World War II Reached Our Shores


Asia London Palomba at Smithsonian:
The Empire Mica was neither the first nor the last casualty of U-boat attacks in the Gulf of Mexico (now the Gulf of America) during the summer of 1942. The body of water, which stretches from the shores of Florida to Texas to the Yucatán Peninsula, was a target of Operation Drumbeat, a broad initiative undertaken by the Germans during the Battle of the Atlantic, a six-year fight for control of the eponymous ocean. Beginning in January 1942, just a few weeks after the Japanese attack on Pearl Harbor in December 1941, the Nazis set out to sink any Allied commercial shipping vessels in American coastal waters. By May, the campaign had expanded into the Gulf, where 24 German U-boats hunted, with great success, into 1943.

Over the course of that brief, concentrated period, U-boats sank 56 Allied ships and damaged another 14, losing just one of their own submarines in the process. (The Allies also sank two U-boats in the Straits of Florida, which connect the Gulf to the Atlantic Ocean.) In these first months of the Gulf campaign, the Germans “thoroughly dominated [the U.S., which was] completely unprepared,” says military historian and author Martin K.A. Morgan. “I struggle to sometimes make people fully appreciate the extent to which the Germans brought the [Americans] to their knees quickly.”

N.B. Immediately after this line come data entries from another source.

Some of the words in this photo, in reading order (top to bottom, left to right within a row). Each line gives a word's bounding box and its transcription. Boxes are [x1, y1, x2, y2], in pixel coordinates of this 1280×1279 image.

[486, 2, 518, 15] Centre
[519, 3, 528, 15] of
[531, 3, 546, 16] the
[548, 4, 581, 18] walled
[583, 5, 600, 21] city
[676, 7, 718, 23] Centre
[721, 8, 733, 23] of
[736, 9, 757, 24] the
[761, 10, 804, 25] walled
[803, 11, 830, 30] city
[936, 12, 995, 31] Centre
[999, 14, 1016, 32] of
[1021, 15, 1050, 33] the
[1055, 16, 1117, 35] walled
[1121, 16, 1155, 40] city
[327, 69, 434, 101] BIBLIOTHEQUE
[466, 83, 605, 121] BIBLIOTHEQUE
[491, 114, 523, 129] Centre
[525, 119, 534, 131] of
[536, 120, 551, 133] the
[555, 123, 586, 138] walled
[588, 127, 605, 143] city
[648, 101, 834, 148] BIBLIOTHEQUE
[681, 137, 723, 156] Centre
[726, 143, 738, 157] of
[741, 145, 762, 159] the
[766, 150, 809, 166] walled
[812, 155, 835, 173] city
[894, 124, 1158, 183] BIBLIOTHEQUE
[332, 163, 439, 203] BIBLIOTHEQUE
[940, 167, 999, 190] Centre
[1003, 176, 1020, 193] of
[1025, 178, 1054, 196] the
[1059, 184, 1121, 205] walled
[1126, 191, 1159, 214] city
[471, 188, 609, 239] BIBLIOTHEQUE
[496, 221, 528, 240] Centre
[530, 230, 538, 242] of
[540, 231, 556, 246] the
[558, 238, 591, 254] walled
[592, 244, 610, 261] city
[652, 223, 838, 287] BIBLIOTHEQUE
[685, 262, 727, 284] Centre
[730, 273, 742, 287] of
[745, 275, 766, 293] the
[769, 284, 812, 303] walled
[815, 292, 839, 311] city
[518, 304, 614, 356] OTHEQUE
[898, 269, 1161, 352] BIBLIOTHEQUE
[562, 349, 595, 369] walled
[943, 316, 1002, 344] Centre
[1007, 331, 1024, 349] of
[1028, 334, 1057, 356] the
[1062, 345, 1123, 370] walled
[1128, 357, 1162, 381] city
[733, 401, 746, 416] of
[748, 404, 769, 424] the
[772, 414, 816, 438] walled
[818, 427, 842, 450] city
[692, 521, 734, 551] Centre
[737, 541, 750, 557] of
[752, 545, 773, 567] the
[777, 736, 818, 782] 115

As we note in our textbook, many Americans do not know that World War II did indeed reach our shores.  Palomba continues:

Throughout the Gulf campaign, the U.S. Office of Censorship limited the press’s coverage of the sinkings. The reasoning was twofold: to prevent widespread panic among the American public and to avoid informing the Germans just how destructive their campaign was. This censorship has created a blanket of silence that persists even today. “By not having it out there, it’s created historical amnesia,” says Malcom. “It never really took root in the public consciousness, and in a large way still hasn’t today
.”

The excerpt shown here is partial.